Article mis en ligne le 25 juillet 2007
Dans le domaine de la propriété intellectuelle, à tort ou à raison, les choses sont claires : Microsoft est « le » méchant qui cristallise toutes les oppositions. En matière de protection de la vie privée sur le web, ce rôle semble désormais dévolu à un autre acteur, en l’occurrence Google. Dans les deux cas les critiques sociétales (opposition au partage de la connaissance d’une part et menaces sur la vie privée d’autre part) constituent une forme de réponse à une situation économique de position dominante, voire de quasi-monopole.

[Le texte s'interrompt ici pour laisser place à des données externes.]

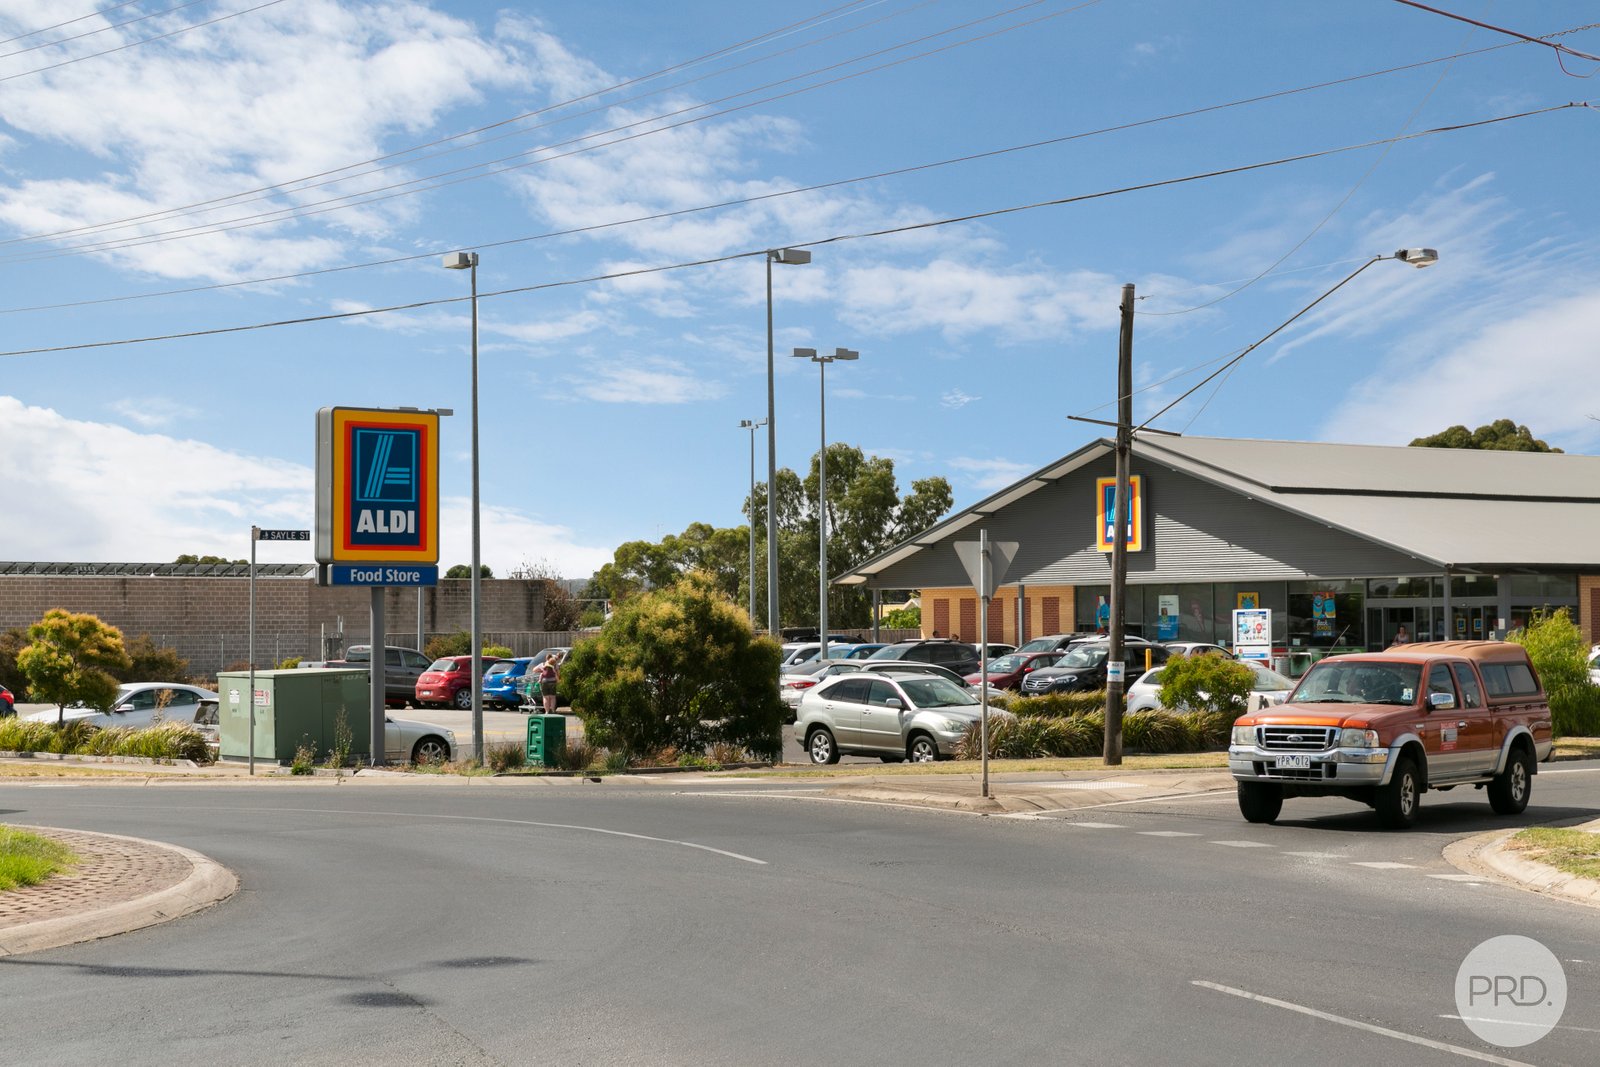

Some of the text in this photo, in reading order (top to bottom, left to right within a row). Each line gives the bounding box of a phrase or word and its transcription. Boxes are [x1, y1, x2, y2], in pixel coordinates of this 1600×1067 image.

[356, 509, 415, 533] ALDI
[270, 531, 310, 540] SAYLE ST
[1106, 524, 1132, 537] AI
[350, 568, 421, 582] Food Store
[1295, 756, 1309, 766] 012

Le projet d’acquisition de DoubleClick (leader de la publicité en ligne) par Google (leader de la recherche sur Internet) a sans doute été le déclencheur de cette prise de conscience. Elle a suscité de vives réactions de la part des défenseurs de la vie privée qui ne sont pas sans rappeler celles occasionnée par le projet d’acquisition de la société de marketing direct Abascus par DoubleClick en 2000. Google a bien pris quelques initiatives en matière d’anonymisation des données ou de durée de vie des cookies pour tenter de circonscrire la polémique mais la barre reste difficile à redresser. En premier lieu, Google a été la seule des grandes institutions du web à écoper de la pire des appréciations décernée par l’ONG britannique Privacy International. En second lieu, quand Peter Fleischer, le monsieur Privacy de Google, prétend que les autorités de protection des données à caractère personnel comme la Cnil ne sont pas compétentes pour aborder la question de la durée de conservation, on peut se demander s’il rend vraiment service à sa compagnie.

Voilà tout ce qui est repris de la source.